Fears for stock market students

    (Shanghai Daily)
    Updated: 2008-01-25 10:46

    Hong Kong students are piling loans and family savings into a volatile stock market, a growing trend that worries social workers in the special administrative region.

    Third-year Hong Kong University law student Ivan Lee made US$38,000 on stocks and warrants when the Hang Seng Index climbed 39 percent in 2007, but half of his gains were wiped out by a 14 percent market slide this week.

    "It's a good lesson to us," Lee said, grimacing at how panic selling gripped global markets. "I'd say around four or five out of every 10 male students now bet on the stock market."

    Long regarded as a harmless pastime for financial students, stock trading is becoming more widespread, according to a poll by Chinese University, which found around 10 percent of students had pumped over half their savings into the markets.

    The head of Hong Kong's Polytechnic University, Poon Chung-kwong recently chastised students for "majoring in stocks, and minoring in academic studies."

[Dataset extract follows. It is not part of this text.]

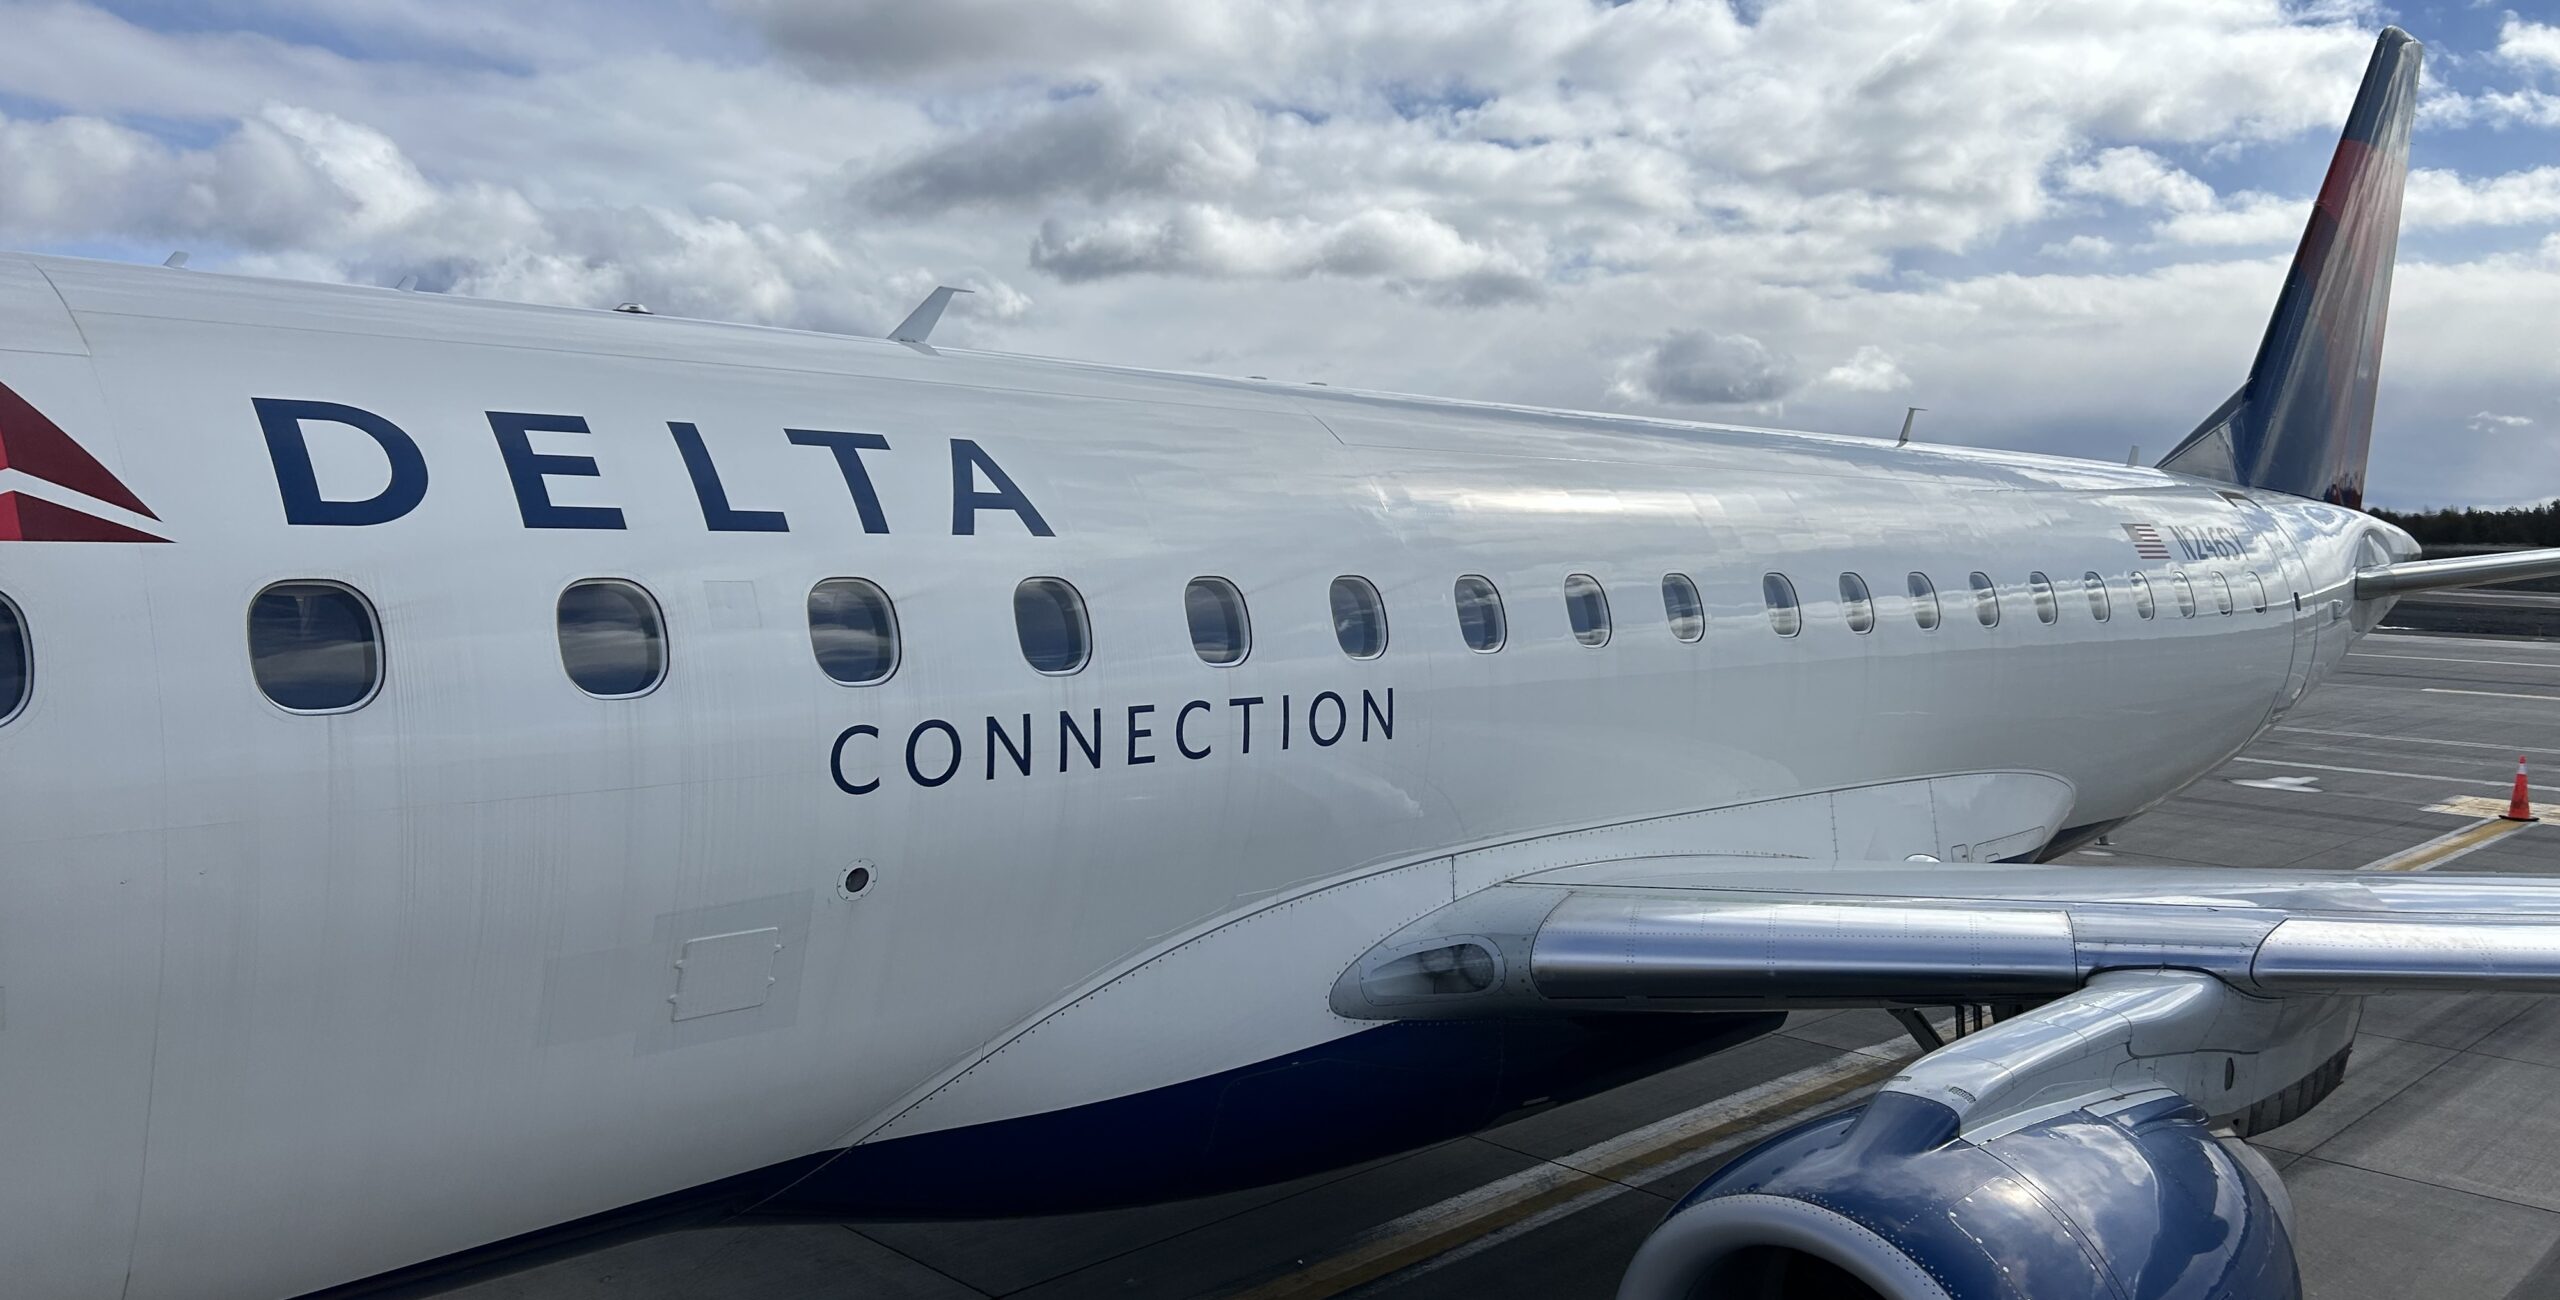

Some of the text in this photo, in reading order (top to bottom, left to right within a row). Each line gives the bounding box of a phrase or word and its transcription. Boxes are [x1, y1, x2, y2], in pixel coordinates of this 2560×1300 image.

[250, 397, 1056, 537] DELTA
[2168, 525, 2249, 560] N246SY
[830, 688, 1394, 795] CONNECTION

    He said: "For the sake of a little greed, good youths have become like diseased gamblers. Is it worth it?"

    Rags-to-riches tales convince many that it is worth it.

    One 22-year-old graduate was reported to have transformed his family's wealth from US$9,000 to US$448,700 in three years.

    But social workers say students are racking up huge debts on credit cards to fund day trading.

    "Some students have no money, so they use their student grants and loans to speculate on stocks," said Joe Tang, a social work director at the Caritas Addicted Gamblers Counselling Center.

    "This reflects that university students in Hong Kong are obsessed with money," he added. "It's a situation that's depressing and one we don't want to see."

    Students have been lured into stocks as China's booming economy hatched hugely popular public offerings, such as last year's listing of Internet firm Alibaba.com, which saw the stock triple on its debut.

    But students say they also know how to handle the risks.

    Ken Poon, at Hong Kong University, was short selling this week, having read up on how the subprime crisis was stoking fears of a US recession, sending a chill through financial markets. "I didn't actually lose money," 21-year-old Poon said. "I bet on the market falling and it did."